Backbase has acquired Kasisto, a New York-based pioneer in agentic artificial intelligence (AI) for banking, in a deal that lands inside a remarkable three-week cluster of agentic-banking dealmaking — and signals that core-banking software vendors no longer intend to let their clients bolt generic large language models onto ageing stacks.
The June 23, 2026 acquisition follows Temenos buying embedded-wealth orchestrator additiv and Adyen launching its Agentic checkout layer earlier in the month, three moves that together map a clear pattern: the platform layer, not the banks, is racing to own the agentic tier. Having tracked banking-software consolidation through the post-2024 AI build-out, the through-line is consistent — most banks have deployed agentic AI in isolated pockets that answer questions without resolving work, and vendors are now buying purpose-built banking intelligence rather than waiting for institutions to assemble it themselves. Terms were not disclosed.
Backbase, which says it serves more than 120 banks across retail, small-business, commercial, private banking and wealth segments, is folding Kasisto’s reasoning-native agents into its AI-native Banking OS. The combined Agentic Banking suite is available immediately to current and future customers, the company said. Kasisto’s platform is built to apply judgment within banking-specific governance and compliance controls — the governance layer being precisely what separates a regulated deployment from a consumer chatbot.
The competitive context is sharpening fast. Temenos, fresh from its additiv purchase, is pushing agentic orchestration into its own core; Thought Machine, nCino and Q2 are each layering AI agents onto lending and account-servicing workflows, while specialist Personetics continues to sell engagement agents directly to banks. The risk for Backbase’s rivals is that an integrated intent-to-resolution stack — chat, messaging and voice handled natively — becomes the default expectation, leaving bolt-on agents looking like half-measures. Silence from the largest core vendors on a counter-move is, for now, its own signal.
“This acquisition sharpens our position as the strategic partner for banks serious about AI transformation,” said Jouk Pleiter, Chief Executive Officer and Founder at Backbase. Lance Berks, Chief Executive Officer at Kasisto, framed the longer arc: “Agentic AI will reshape banking over the next decade.”
The deal also reads as a bet on where fintech revenue is migrating. Industry analysis this month put global fintech revenue above $504 billion while warning of a widening “AI divide” between firms that have operationalised AI and those still piloting it, a split covered here in detail. Buying an agentic platform with banking governance baked in is a direct attempt to land on the right side of that divide — and to make governance, not raw model performance, the selling point. It echoes the logic behind compliance-AI raises such as Flagright’s recent Series A, where the value sits in controls rather than the model itself.

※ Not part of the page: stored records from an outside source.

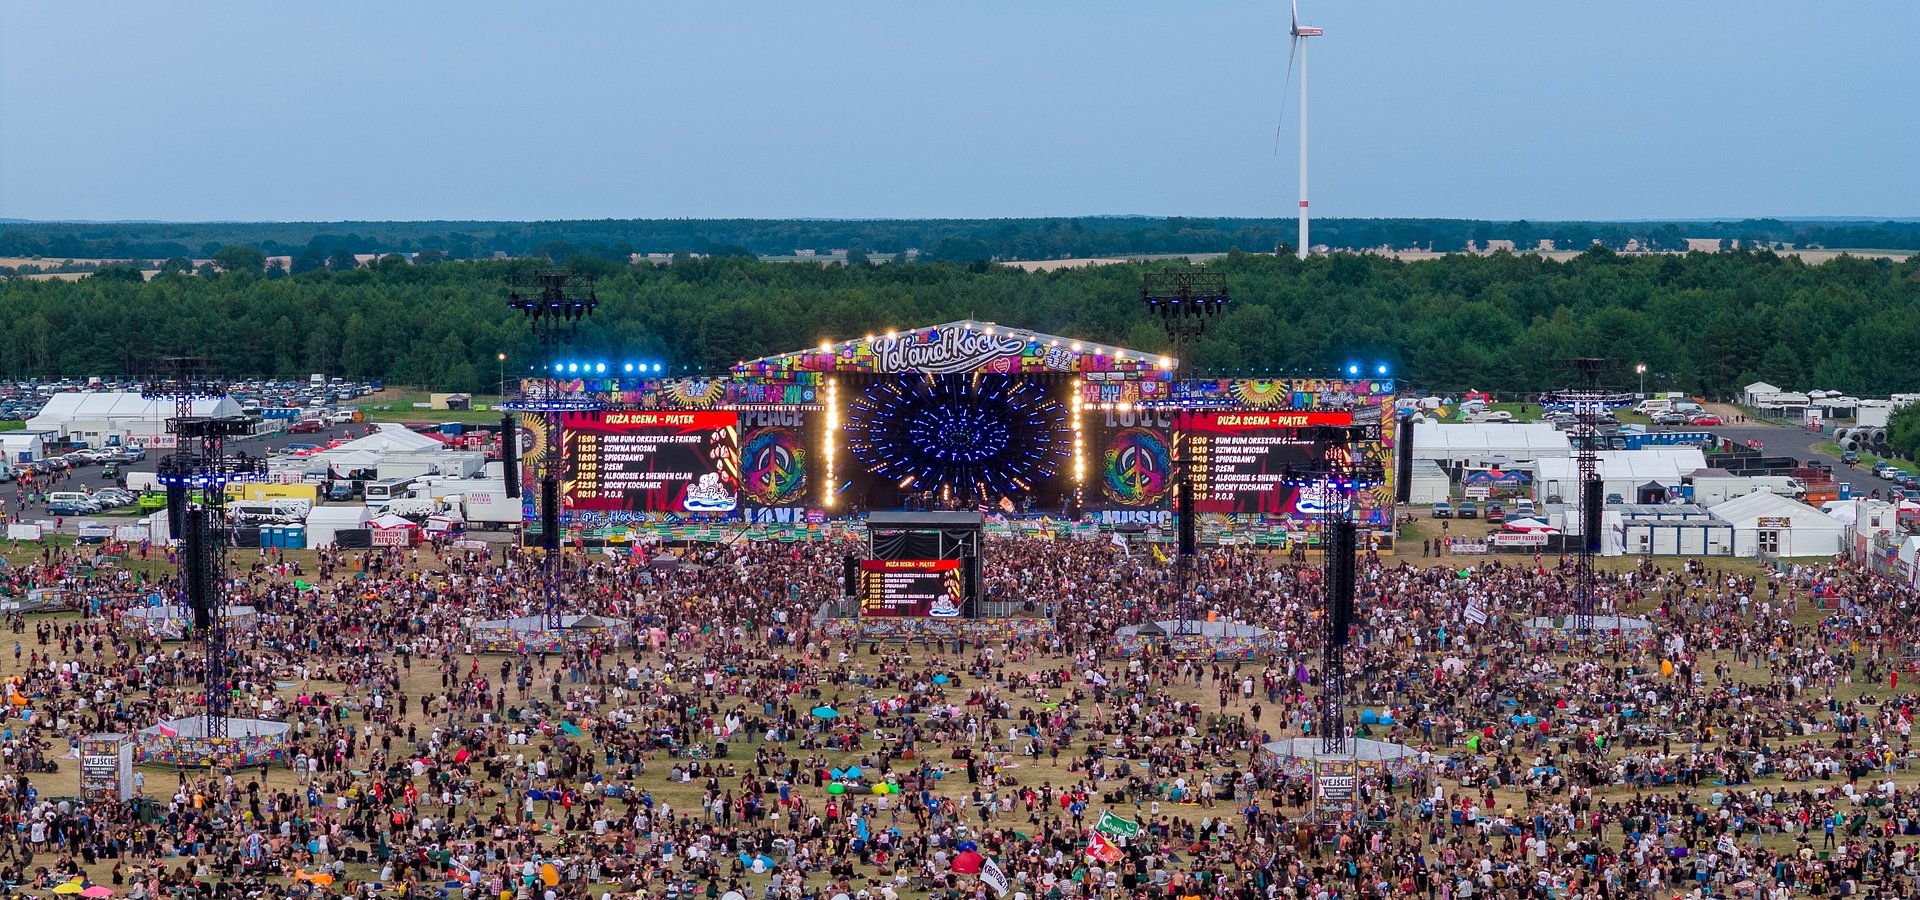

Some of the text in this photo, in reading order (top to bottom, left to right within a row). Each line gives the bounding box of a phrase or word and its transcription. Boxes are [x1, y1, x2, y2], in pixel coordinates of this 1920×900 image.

[784, 354, 836, 371] PEACE
[1046, 346, 1074, 372] 32
[686, 381, 707, 397] 32
[606, 414, 628, 424] DUŻA
[631, 415, 658, 424] SCENA
[665, 415, 694, 425] PIĄTEK
[745, 410, 803, 426] PEACE
[1217, 415, 1240, 425] DUŻA
[1243, 416, 1270, 425] SCENA
[1278, 416, 1308, 426] PIĄTEK
[604, 435, 619, 443] BUM
[620, 435, 635, 443] BUM
[636, 435, 668, 443] ORKESTAR
[1215, 446, 1242, 454] DZIWNA
[675, 472, 692, 480] CLAN
[1257, 474, 1283, 482] SHENGE
[604, 481, 627, 489] NOCNY
[627, 481, 662, 489] KOCHANEK
[1215, 483, 1238, 491] NOCNY
[1239, 483, 1273, 491] KOCHANEK
[1102, 510, 1172, 526] MUSIC
[84, 756, 114, 765] WEJŚCIE
[1321, 778, 1352, 786] WEJŚCIE
[1102, 815, 1133, 837] Chatham

For bank product teams, the practical question is integration risk. Agentic systems that act — moving money, changing limits, resolving disputes — carry far higher stakes than agents that merely answer, and a botched rollout exposes an institution to conduct and compliance failures. That is why the governance framing matters commercially: banks will pay a premium for agents that operate inside audited controls, and vendors that cannot demonstrate them will struggle to move beyond pilots. The same consolidation impulse drove Pollen Street’s purchase of Finastra’s universal banking unit, as buyers race to own the full stack.

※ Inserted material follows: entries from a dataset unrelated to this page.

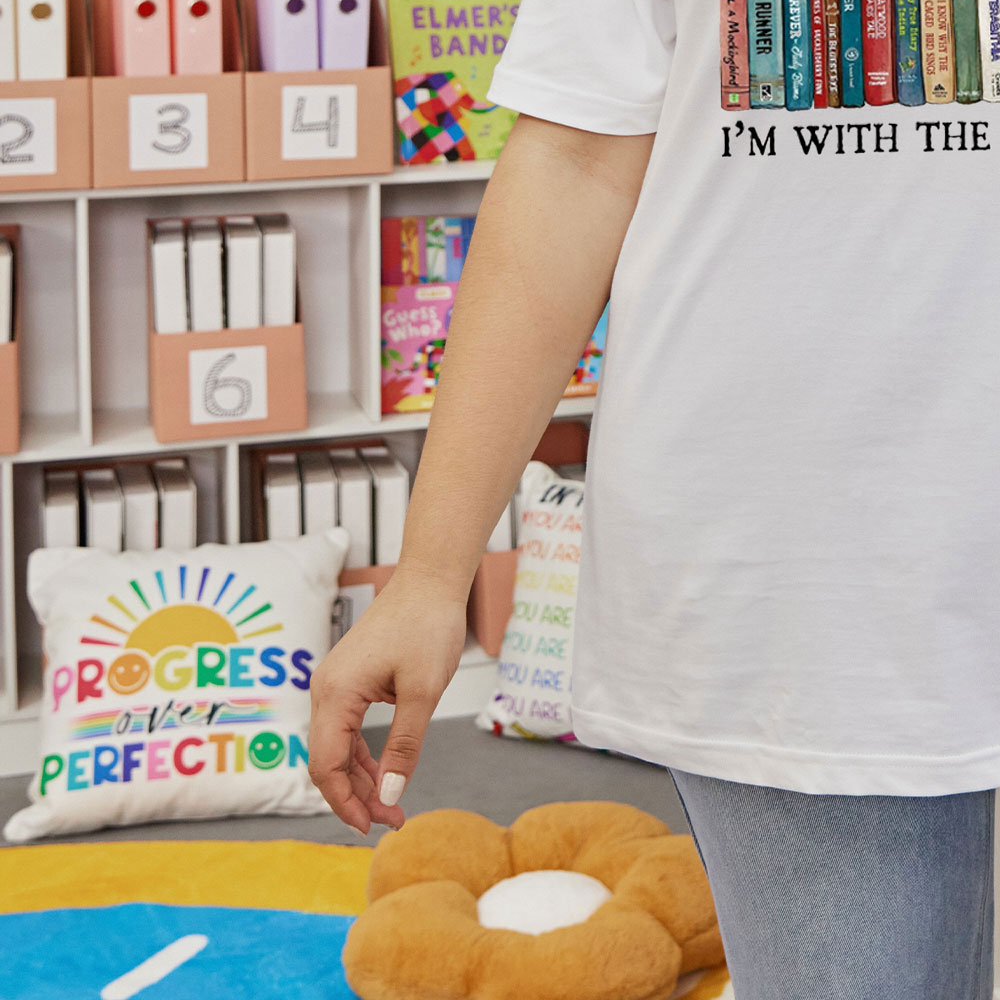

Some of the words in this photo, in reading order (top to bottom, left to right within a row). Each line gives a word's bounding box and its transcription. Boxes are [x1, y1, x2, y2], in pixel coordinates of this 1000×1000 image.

[755, 2, 773, 55] RUNNER
[828, 23, 837, 39] THE
[924, 0, 935, 28] CAGED
[430, 33, 508, 58] BAND
[828, 40, 838, 73] BLUEST
[925, 32, 936, 51] BIRD
[926, 52, 936, 76] SINGS
[939, 55, 949, 72] THE
[0, 113, 34, 164] 2
[152, 103, 193, 154] 3
[291, 95, 340, 148] 4
[721, 120, 777, 158] I'M
[793, 122, 899, 156] WITH
[916, 121, 991, 153] THE
[383, 305, 438, 327] Guess
[388, 318, 443, 343] Who?
[202, 352, 253, 419] 6
[52, 647, 313, 713] PROGRESS
[115, 698, 250, 736] over
[39, 730, 310, 797] PERFECTION
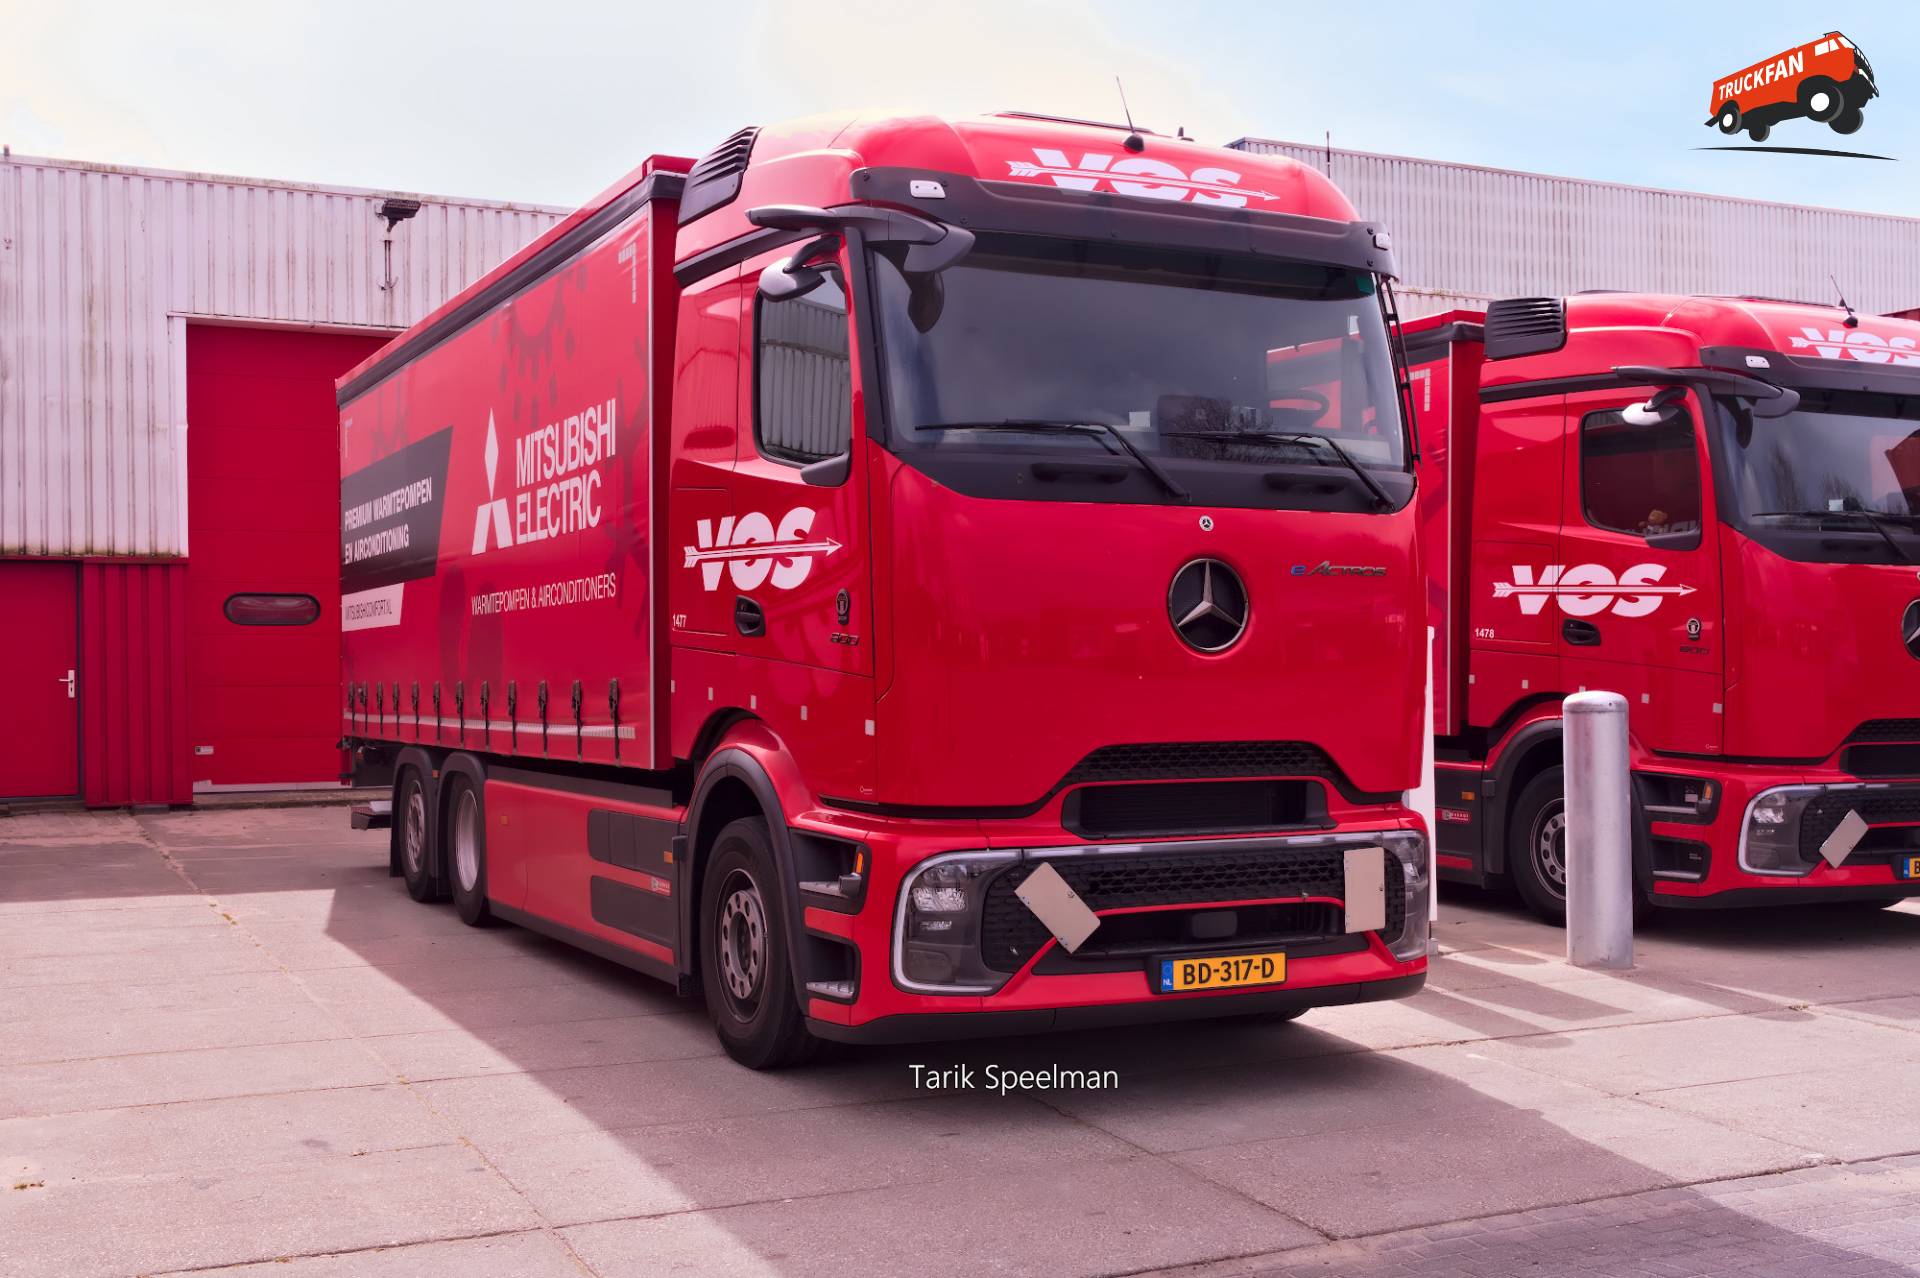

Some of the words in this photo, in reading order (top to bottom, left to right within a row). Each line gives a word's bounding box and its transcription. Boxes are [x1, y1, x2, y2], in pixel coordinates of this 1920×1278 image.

[1032, 148, 1248, 208] VOS
[516, 398, 616, 488] MITSUBISHI
[345, 501, 372, 531] PREMIUM
[373, 477, 432, 521] WARMTEPOMPEN
[516, 469, 602, 545] ELECTRIC
[345, 541, 354, 565] EN
[354, 523, 410, 563] AIRCONDITIONING
[697, 506, 816, 591] VOS
[471, 587, 530, 615] WARMTEPOMPEN
[538, 572, 616, 607] AIRCONDITIONERS
[1512, 563, 1668, 617] VOS
[672, 613, 687, 628] 1477
[1475, 627, 1495, 639] 1478
[1183, 957, 1275, 985] BD-317-D

Expect the agentic-banking land grab to accelerate through the second half of 2026. With Backbase setting an integrated benchmark and Temenos already moving, the remaining independent agentic-AI specialists become acquisition targets, and the banks still running pilots face a build-versus-buy decision that is tilting decisively toward buy. The vendors that win will be the ones that can prove their agents resolve work — and do it inside the governance perimeter regulators are beginning to scrutinise.